YOUR ASSIGNMENT. Once the line containing "this 2576×1396 image." is located, give it again exactly, together with each line that follows it to the end of the entries, and add nothing else.

EXCERPTED DATA.
■ ■ ■ ■ ■ ■ ■
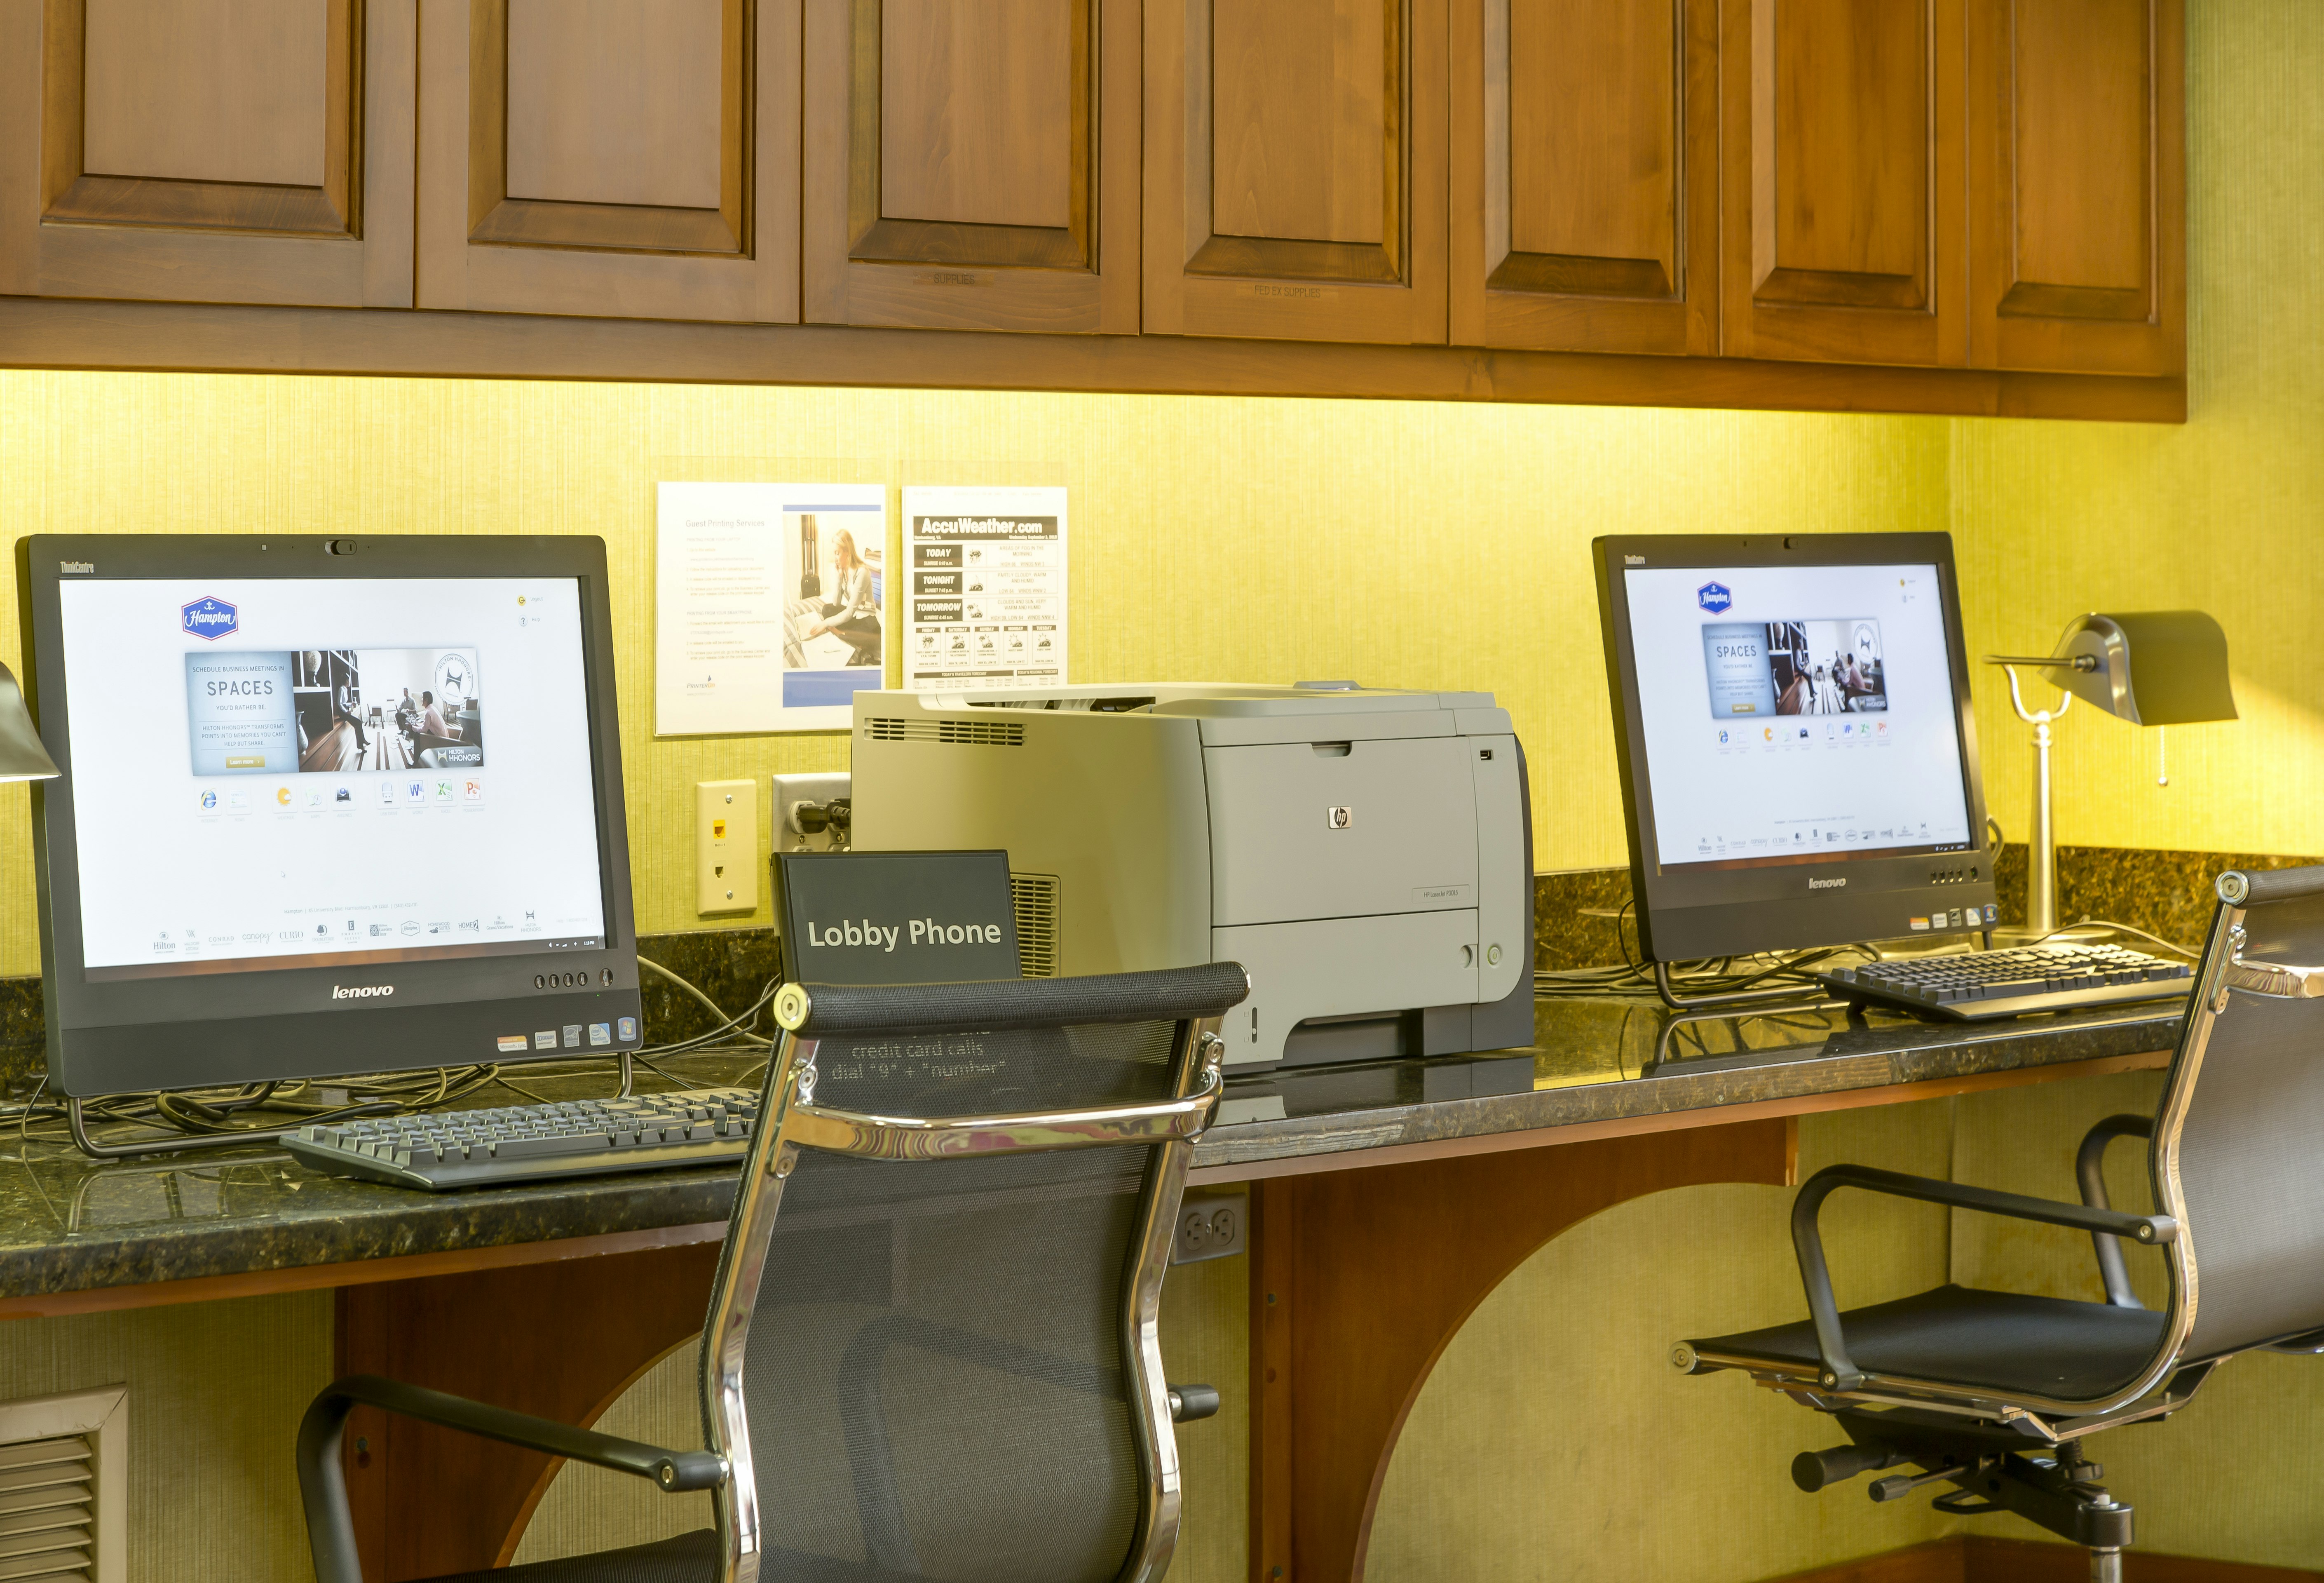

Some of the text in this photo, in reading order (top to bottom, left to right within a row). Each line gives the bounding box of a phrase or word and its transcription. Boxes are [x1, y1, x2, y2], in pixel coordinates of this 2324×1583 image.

[934, 273, 975, 285] SUPPLIES
[1255, 285, 1320, 298] FED EX SUPPLIES
[708, 519, 734, 529] Printing
[736, 519, 765, 527] Services
[921, 517, 1043, 534] AccuWeather.com
[926, 548, 952, 557] TODAY
[60, 561, 94, 573] ThinkCentre
[923, 575, 955, 585] TONIGHT
[1700, 591, 1731, 605] Hampton
[917, 603, 961, 612] TOMORROW
[185, 610, 235, 627] Hampton
[1717, 645, 1757, 658] SPACES
[439, 656, 471, 679] HILTON HHONORS
[207, 680, 273, 696] SPACES
[449, 754, 481, 762] HHONORS
[1335, 807, 1347, 828] hp
[1808, 877, 1847, 890] lenovo
[242, 932, 273, 944] canopy
[279, 930, 303, 939] CURIO
[808, 918, 1001, 953] Lobby Phone
[153, 942, 176, 950] Hilton
[332, 985, 394, 1000] lenovo
[852, 1042, 902, 1058] credit
[906, 1040, 942, 1057] card
[832, 1063, 863, 1079] dial
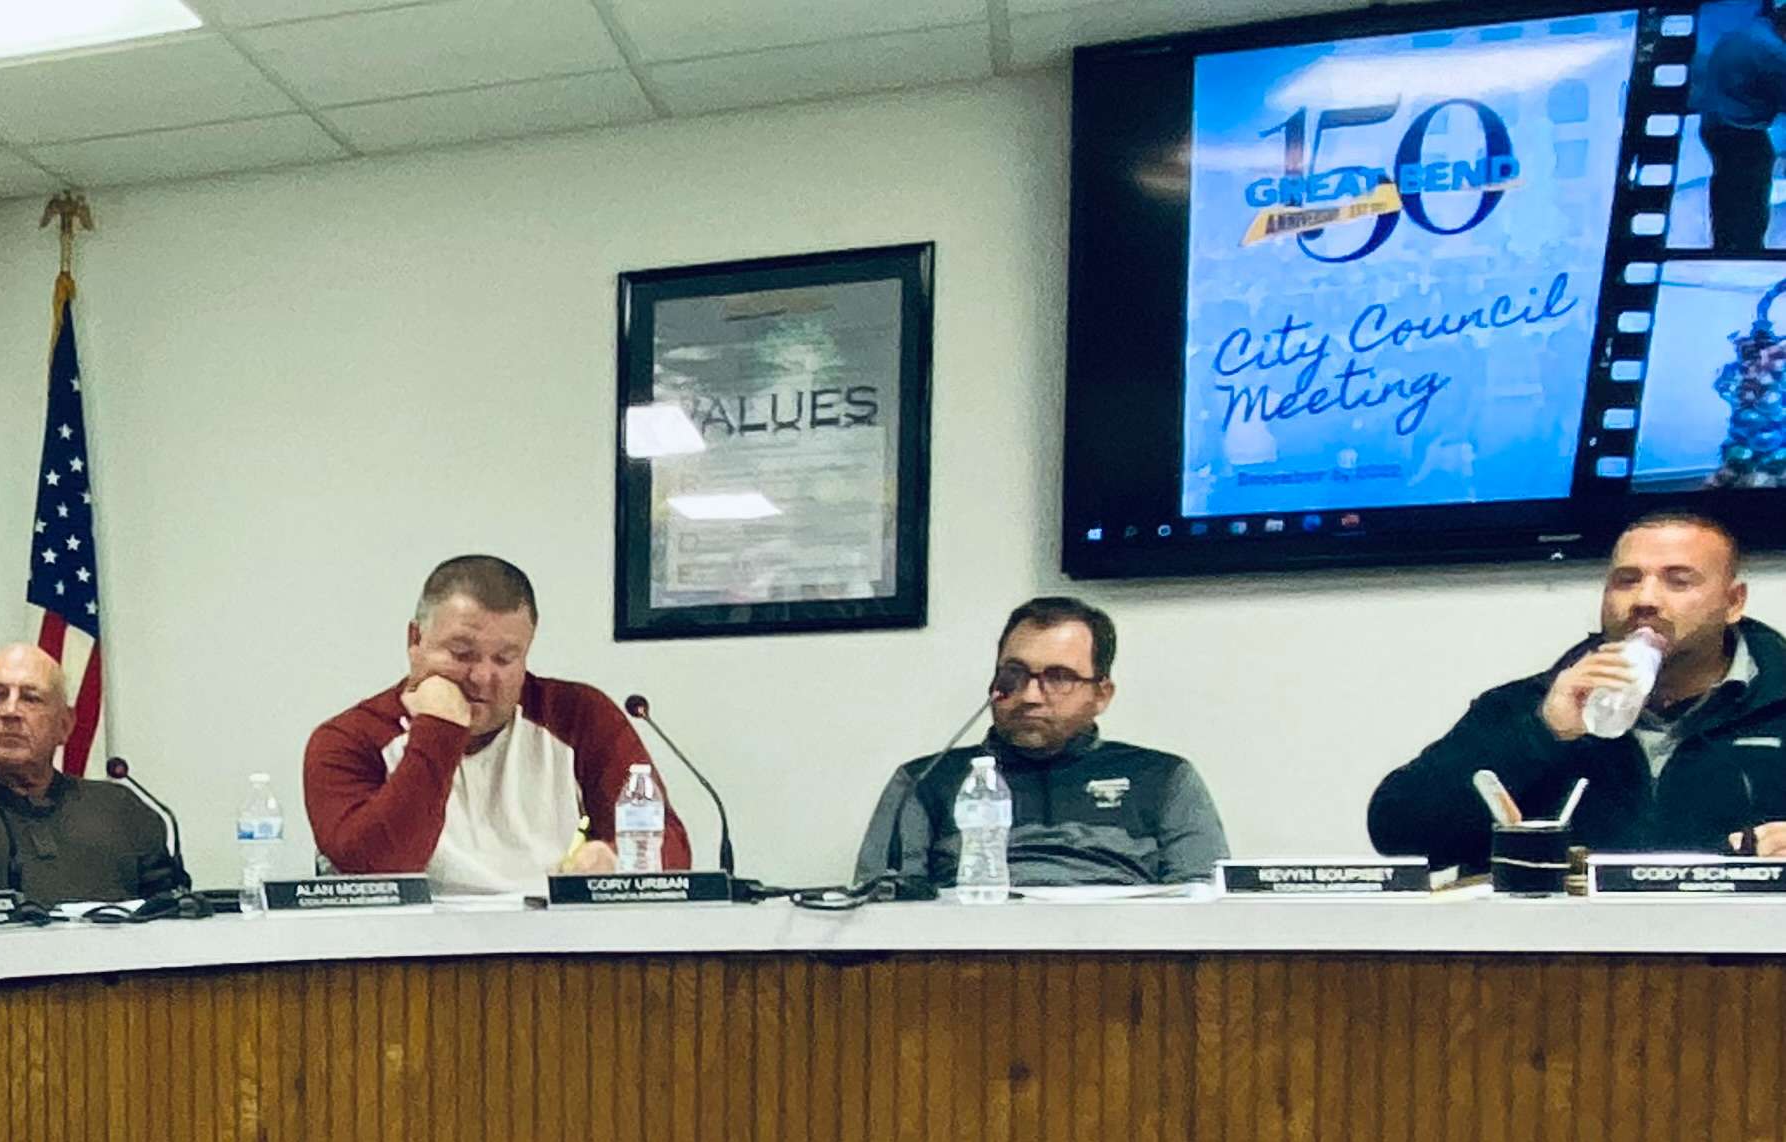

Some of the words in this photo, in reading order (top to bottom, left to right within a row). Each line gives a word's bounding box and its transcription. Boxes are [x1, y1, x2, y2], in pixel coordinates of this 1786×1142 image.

[1245, 166, 1390, 207] GREAT
[1399, 155, 1520, 193] BEND
[1259, 95, 1513, 263] 150
[1214, 313, 1330, 392] City
[1350, 272, 1578, 353] Council
[1217, 359, 1450, 436] Meeting
[296, 883, 334, 897] ALAN
[587, 878, 632, 891] CORY
[634, 877, 690, 890] URBAN
[1632, 867, 1689, 881] CODY
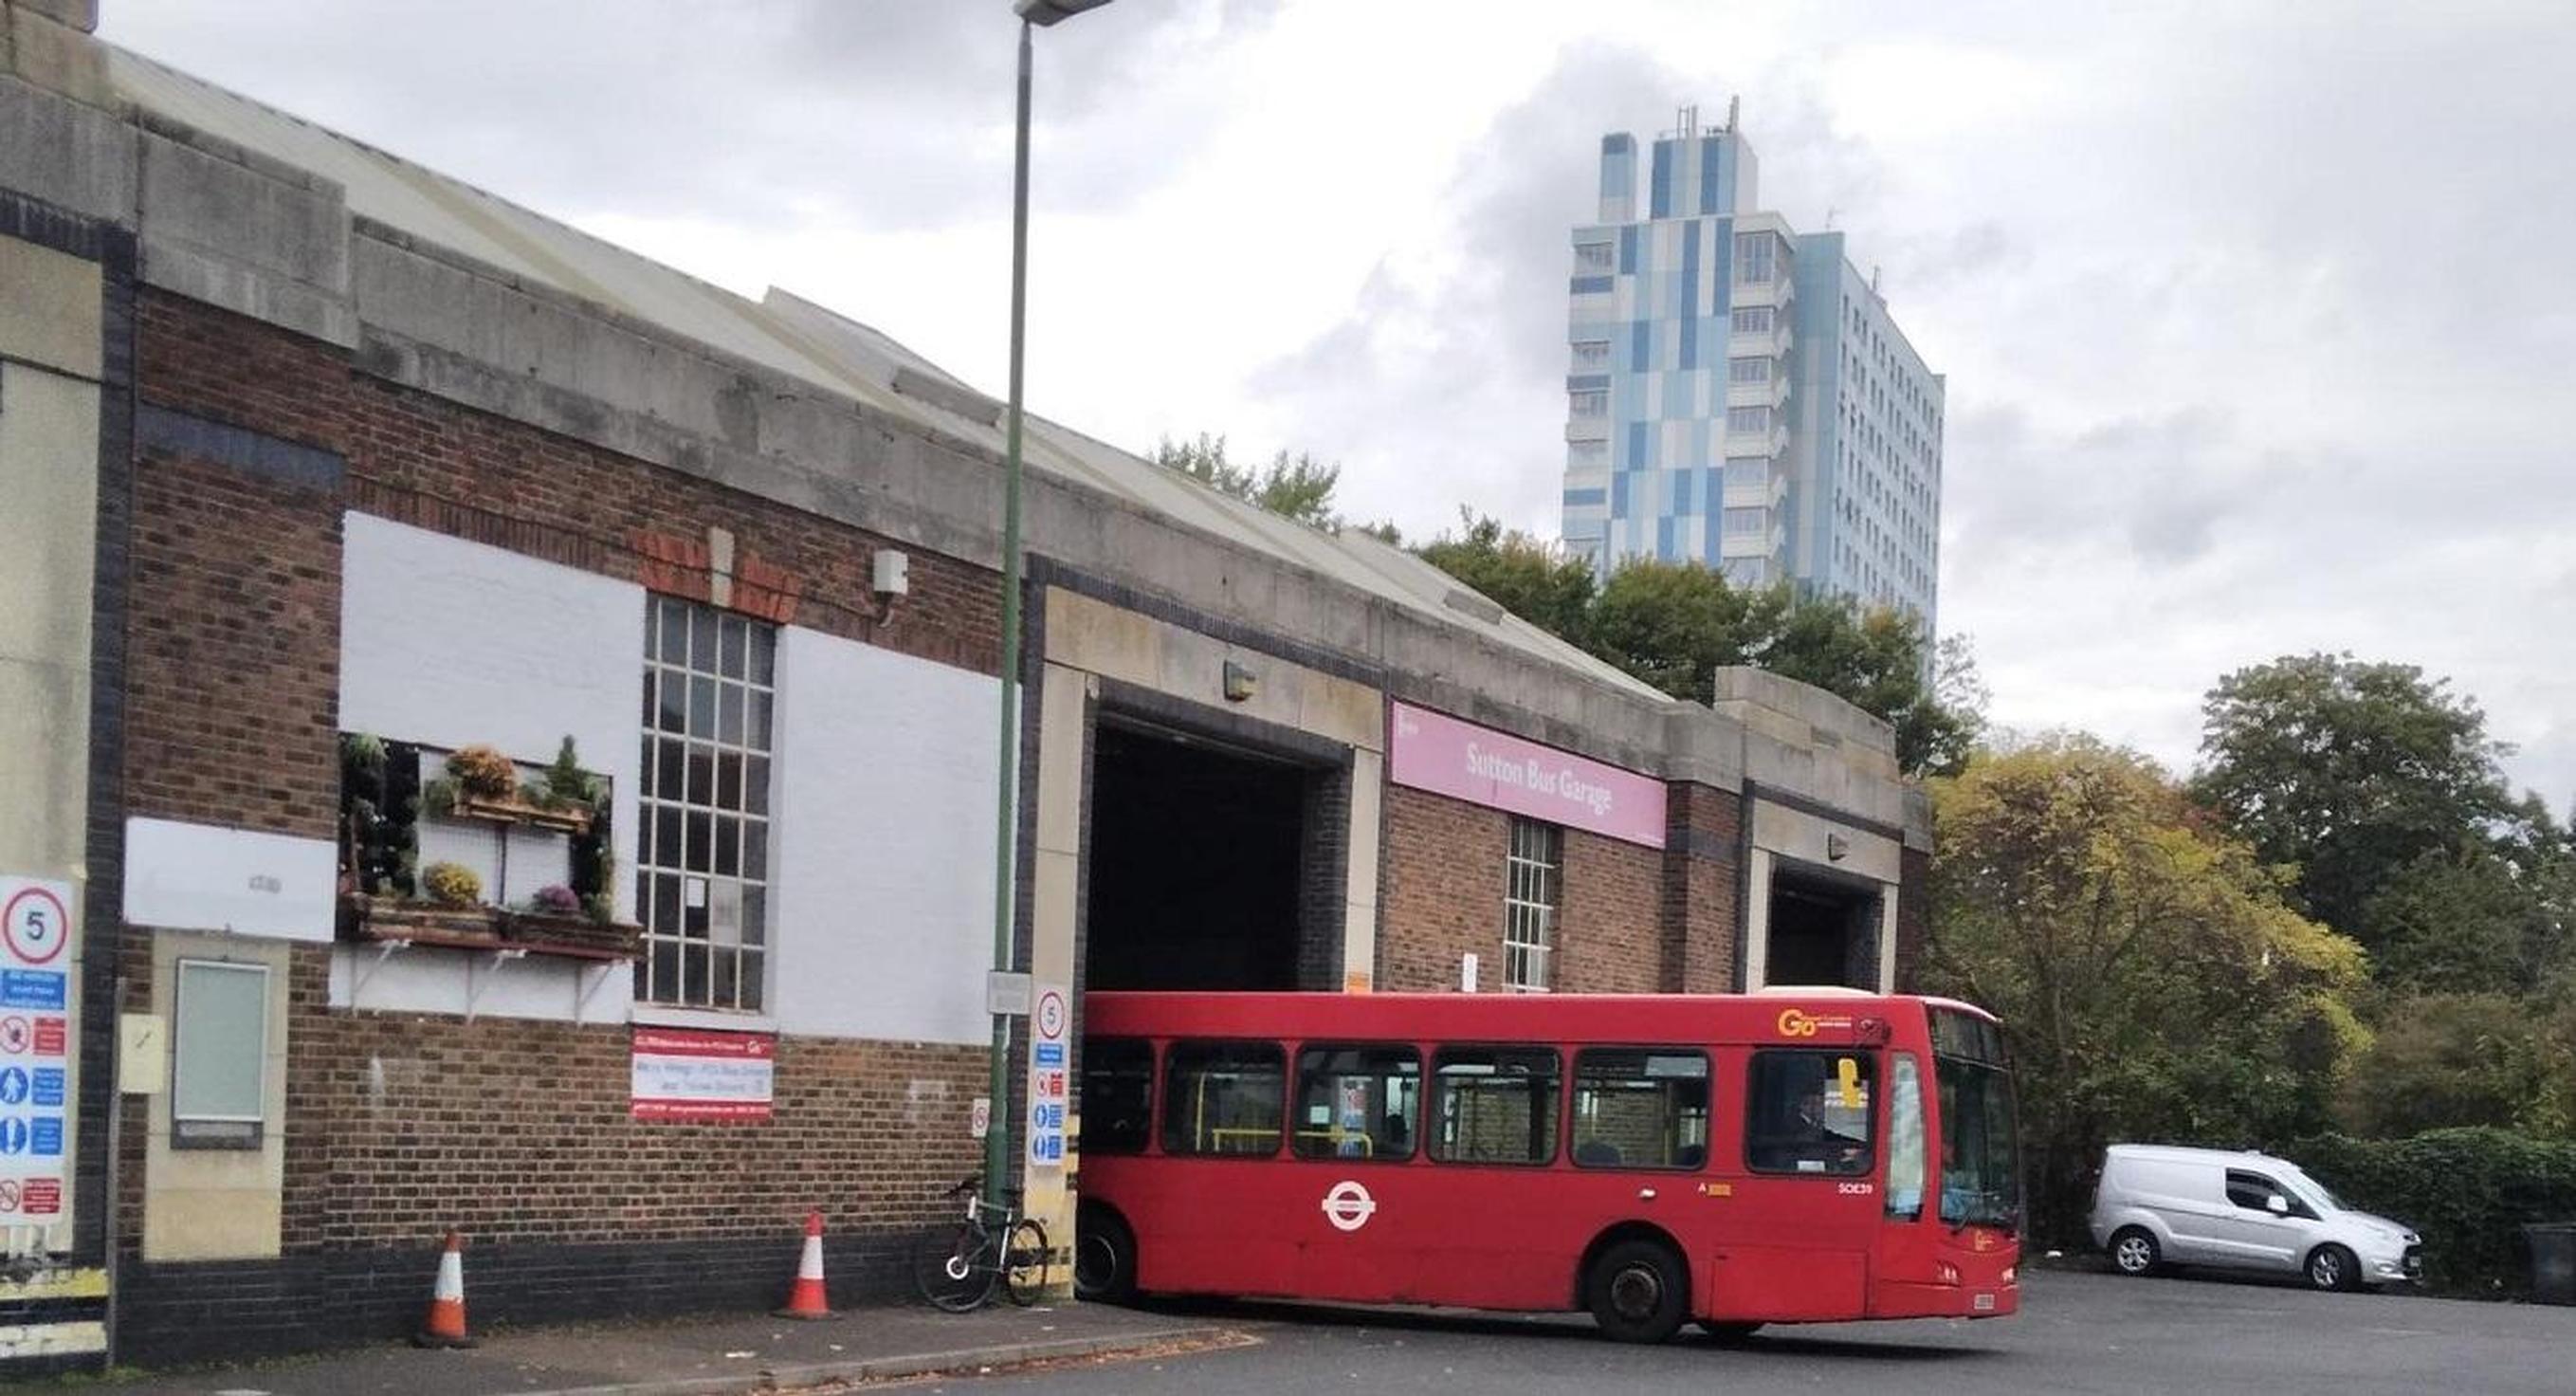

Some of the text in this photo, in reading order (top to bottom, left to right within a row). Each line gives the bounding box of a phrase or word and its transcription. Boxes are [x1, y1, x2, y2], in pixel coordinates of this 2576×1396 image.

[1467, 742, 1612, 817] Sutton Bus Garage
[27, 910, 46, 941] 5
[1778, 1009, 1816, 1037] Go
■ ■ ■ ■ ■ ■ ■
TASK ANSWER.
Some of the text in this photo, in reading order (top to bottom, left to right within a row). Each line gives the bounding box of a phrase or word and its transcription. Boxes are [x1, y1, x2, y2], in pixel coordinates of this 2576×1396 image.

[1467, 742, 1612, 817] Sutton Bus Garage
[27, 910, 46, 941] 5
[1778, 1009, 1816, 1037] Go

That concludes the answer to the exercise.